| Problem |
Reproduce all the records word for word. Omit images.

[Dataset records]
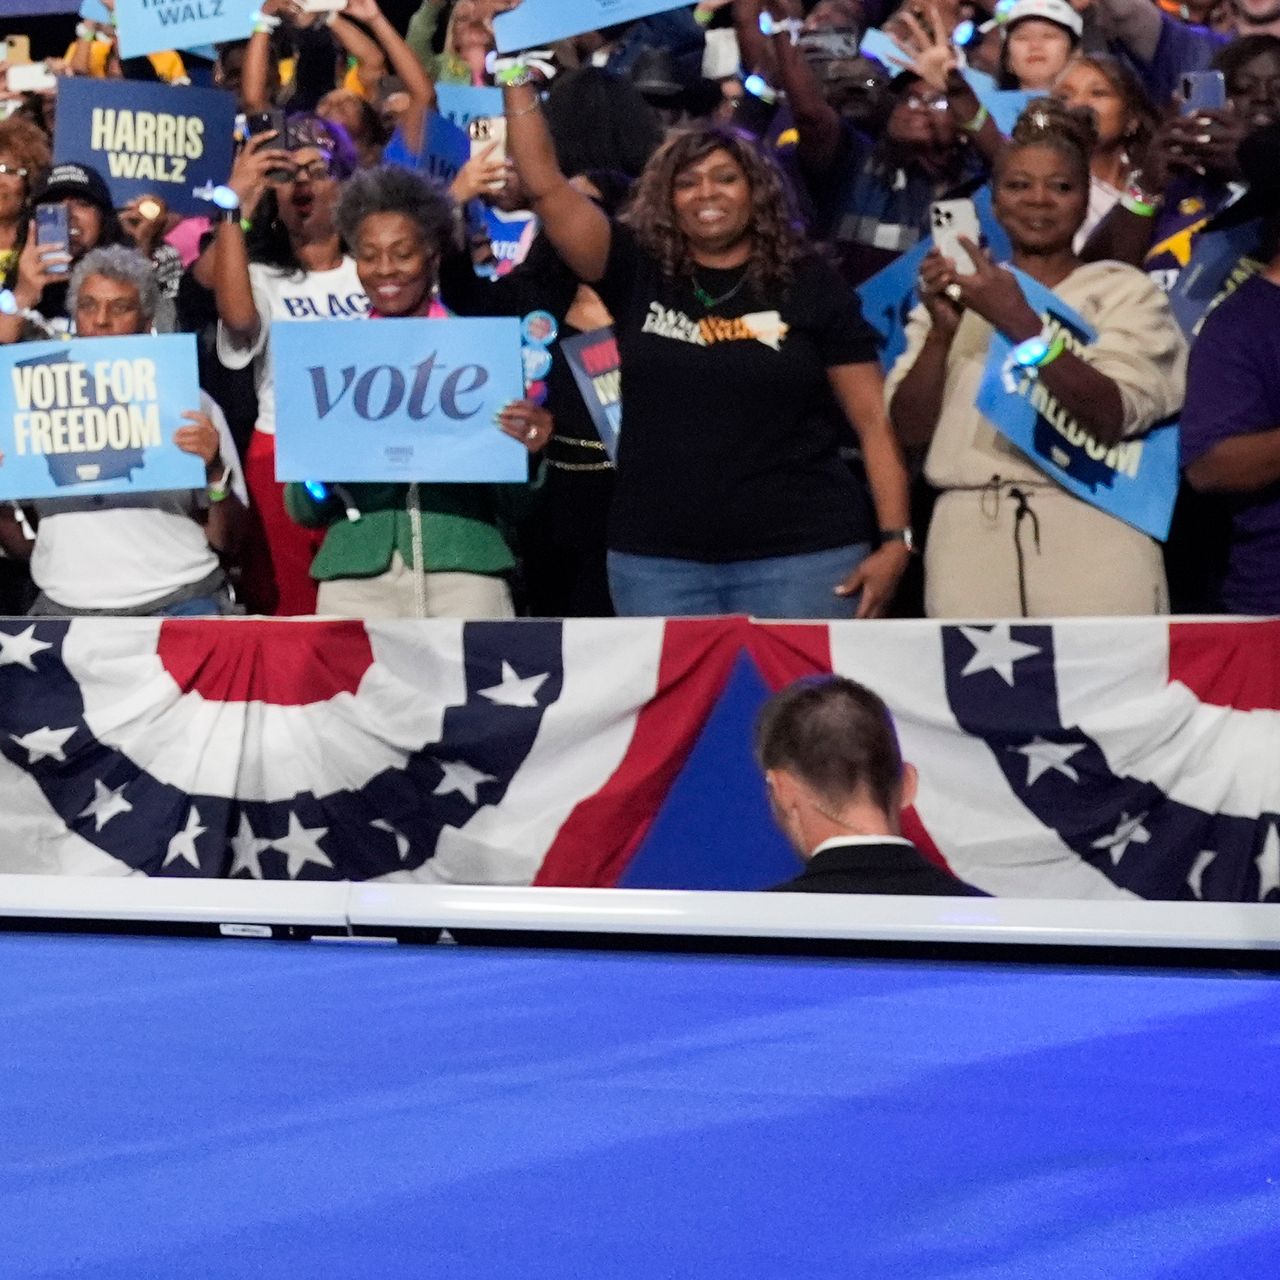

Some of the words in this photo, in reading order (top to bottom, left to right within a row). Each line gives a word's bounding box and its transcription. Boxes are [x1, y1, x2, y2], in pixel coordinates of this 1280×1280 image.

[158, 0, 224, 26] WALZ
[91, 107, 204, 159] HARRIS
[107, 150, 188, 183] WALZ
[283, 293, 371, 317] BLAC
[11, 361, 89, 410] VOTE
[94, 357, 157, 405] FOR
[307, 348, 489, 420] vote
[14, 402, 161, 456] FREEDOM

| Task output |
Some of the words in this photo, in reading order (top to bottom, left to right within a row). Each line gives a word's bounding box and its transcription. Boxes are [x1, y1, x2, y2], in pixel coordinates of this 1280×1280 image.

[158, 0, 224, 26] WALZ
[91, 107, 204, 159] HARRIS
[107, 150, 188, 183] WALZ
[283, 293, 371, 317] BLAC
[11, 361, 89, 410] VOTE
[94, 357, 157, 405] FOR
[307, 348, 489, 420] vote
[14, 402, 161, 456] FREEDOM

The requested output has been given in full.